Attorney General Eric Holder told ABC News that “vehemence” in opposing the president and his policies is indicative of racism.

In other words, it’s OK to oppose the president. Just don’t do it too intensely if you want to avoid the racist tag.

The Hill:

“There’s a certain level of vehemence, it seems to me, that’s directed at me [and] directed at the president,” Holder told ABC. “You know, people talking about taking their country back. … There’s a certain racial component to this for some people. I don’t think this is the thing that is a main driver, but for some there’s a racial animus.”

Holder said the nation is in “a fundamentally better place than we were 50 years ago.”

“We’ve made lots of progress,” he said. “I sit here as the first African-American attorney general, serving the first African-American president of the United States. And that has to show that we have made a great deal of progress.

“But there’s still more we have to travel along this road so we get to the place that is consistent with our founding ideals,” he said.

He also stood by his controversial comments made during Obama’s first year in office, in which he said the U.S. was a “nation of cowards” when it comes to race.

“I wouldn’t walk away from that speech,” Holder said. “I think we are still a nation that is too afraid to confront racial issues,” rarely engaging “one another across the color line [to] talk about racial issues.”

The attorney general also pointed to Republican efforts to enact stricter voter ID laws in southern States as evidence that more needed to be done to protect minority rights. Republicans have maintained the efforts are designed to prevent voter fraud, while Democrats say instances of fraud are exceedingly rare, and far outpaced by the minority population that does not have identification that would be unable to vote.

Holder called the laws “political efforts” designed to make it “more difficult” for “groups that are not supportive of those in power” to “have access to the ballot.”

“Who is disproportionately impacted by them? Young people, African Americans, Hispanics, older people, people who, for whatever reason, aren’t necessarily supportive of the Republican Party,” Holder said, adding that “this notion that there is widespread in-person voter fraud is simply belied by the facts.”
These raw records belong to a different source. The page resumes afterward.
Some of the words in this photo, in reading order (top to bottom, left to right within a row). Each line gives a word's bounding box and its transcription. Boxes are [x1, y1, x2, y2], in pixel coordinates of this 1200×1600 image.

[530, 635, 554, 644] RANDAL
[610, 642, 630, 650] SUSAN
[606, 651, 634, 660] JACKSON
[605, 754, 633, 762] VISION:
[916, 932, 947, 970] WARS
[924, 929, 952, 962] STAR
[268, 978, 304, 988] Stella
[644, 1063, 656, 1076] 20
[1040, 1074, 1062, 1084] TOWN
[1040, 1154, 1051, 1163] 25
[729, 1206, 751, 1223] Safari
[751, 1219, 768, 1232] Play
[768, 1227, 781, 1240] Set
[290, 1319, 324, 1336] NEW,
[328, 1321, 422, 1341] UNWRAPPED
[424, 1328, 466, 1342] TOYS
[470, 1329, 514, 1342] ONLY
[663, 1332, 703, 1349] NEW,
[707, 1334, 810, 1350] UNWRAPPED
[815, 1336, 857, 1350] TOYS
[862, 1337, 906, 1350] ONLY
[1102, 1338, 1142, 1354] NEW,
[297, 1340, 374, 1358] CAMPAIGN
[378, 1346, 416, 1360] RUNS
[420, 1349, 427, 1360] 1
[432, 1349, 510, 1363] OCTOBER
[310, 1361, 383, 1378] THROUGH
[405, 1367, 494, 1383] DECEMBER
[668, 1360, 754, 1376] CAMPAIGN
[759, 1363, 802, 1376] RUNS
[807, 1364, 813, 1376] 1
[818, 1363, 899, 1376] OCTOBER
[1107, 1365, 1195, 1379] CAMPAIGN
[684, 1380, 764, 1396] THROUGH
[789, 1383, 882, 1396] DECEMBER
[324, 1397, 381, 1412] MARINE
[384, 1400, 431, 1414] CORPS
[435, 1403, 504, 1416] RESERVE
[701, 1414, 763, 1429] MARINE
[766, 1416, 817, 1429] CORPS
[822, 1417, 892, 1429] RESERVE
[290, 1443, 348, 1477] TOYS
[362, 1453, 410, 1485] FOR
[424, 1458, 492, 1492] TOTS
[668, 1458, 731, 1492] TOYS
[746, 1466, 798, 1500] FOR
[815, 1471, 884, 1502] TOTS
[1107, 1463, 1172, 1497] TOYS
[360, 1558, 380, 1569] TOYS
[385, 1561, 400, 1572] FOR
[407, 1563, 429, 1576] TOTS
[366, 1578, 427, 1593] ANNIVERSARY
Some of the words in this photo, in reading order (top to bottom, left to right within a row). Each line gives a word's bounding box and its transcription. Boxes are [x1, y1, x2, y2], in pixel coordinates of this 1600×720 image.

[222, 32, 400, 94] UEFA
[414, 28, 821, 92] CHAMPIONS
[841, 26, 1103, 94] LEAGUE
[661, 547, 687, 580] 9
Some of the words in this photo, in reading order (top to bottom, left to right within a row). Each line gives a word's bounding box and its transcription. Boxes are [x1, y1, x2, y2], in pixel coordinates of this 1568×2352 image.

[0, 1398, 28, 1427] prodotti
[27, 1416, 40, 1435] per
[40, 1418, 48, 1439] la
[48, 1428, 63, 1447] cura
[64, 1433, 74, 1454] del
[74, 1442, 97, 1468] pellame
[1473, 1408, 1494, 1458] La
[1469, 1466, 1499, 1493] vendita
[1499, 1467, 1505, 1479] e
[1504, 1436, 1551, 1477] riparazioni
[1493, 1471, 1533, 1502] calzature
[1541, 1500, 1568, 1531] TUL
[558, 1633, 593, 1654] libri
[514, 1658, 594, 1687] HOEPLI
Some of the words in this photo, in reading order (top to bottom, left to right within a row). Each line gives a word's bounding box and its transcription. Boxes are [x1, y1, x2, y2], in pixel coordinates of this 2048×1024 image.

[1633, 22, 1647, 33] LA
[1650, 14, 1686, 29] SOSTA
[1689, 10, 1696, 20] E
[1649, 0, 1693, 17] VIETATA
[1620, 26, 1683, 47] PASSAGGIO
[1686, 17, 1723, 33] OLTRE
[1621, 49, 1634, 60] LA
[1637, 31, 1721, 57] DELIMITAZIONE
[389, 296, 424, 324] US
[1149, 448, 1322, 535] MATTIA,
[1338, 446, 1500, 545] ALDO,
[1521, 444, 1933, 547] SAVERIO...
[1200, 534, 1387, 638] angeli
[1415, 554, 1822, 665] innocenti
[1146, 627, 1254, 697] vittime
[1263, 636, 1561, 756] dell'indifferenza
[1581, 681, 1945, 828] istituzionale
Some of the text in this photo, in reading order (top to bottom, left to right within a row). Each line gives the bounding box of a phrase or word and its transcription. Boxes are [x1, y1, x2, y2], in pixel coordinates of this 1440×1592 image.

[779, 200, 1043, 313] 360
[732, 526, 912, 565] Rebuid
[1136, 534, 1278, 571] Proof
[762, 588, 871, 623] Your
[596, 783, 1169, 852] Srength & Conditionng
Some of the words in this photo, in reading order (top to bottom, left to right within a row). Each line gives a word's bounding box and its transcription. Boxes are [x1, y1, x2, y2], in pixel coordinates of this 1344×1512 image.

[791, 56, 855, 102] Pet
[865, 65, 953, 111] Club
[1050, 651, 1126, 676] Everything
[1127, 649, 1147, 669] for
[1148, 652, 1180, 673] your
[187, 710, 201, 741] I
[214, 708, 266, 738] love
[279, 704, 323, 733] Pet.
It takes a truly self-absorbed man to think that the level of emotion engendered by opposition to public policies is somehow indicative of race hatred. But from Holder’s point of view, it makes perfect sense. Obviously, the president’s policies are good for the country. Obviously, the only reason to oppose them is because you don’t like the president’s race. Obviously, the madder you are at the president, the bigger the racist you are.


Holder’s delusions about the opposition have been exposed before, as evidenced by his repeated contentions that voter ID laws are meant to suppress the black vote. But to define racism as a measurement of how strenuously the opposition opposes his policies is absurd beyond belief. If passionate opposition is to be an indicator of one’s tolerance for other races, what does that say about blacks who go off the deep end when opposing the policies of a white politician?

If there’s one thing we’ve learned in nearly six years of having Eric Holder as attorney general, it’s his racial double standards. That last question is moot.

So the next time you go to a demonstration against President Obama, please remember to keep your emotions in check. And don’t scowl too much. And don’t scream too loud.

Be nice. Our AG will thank you for it.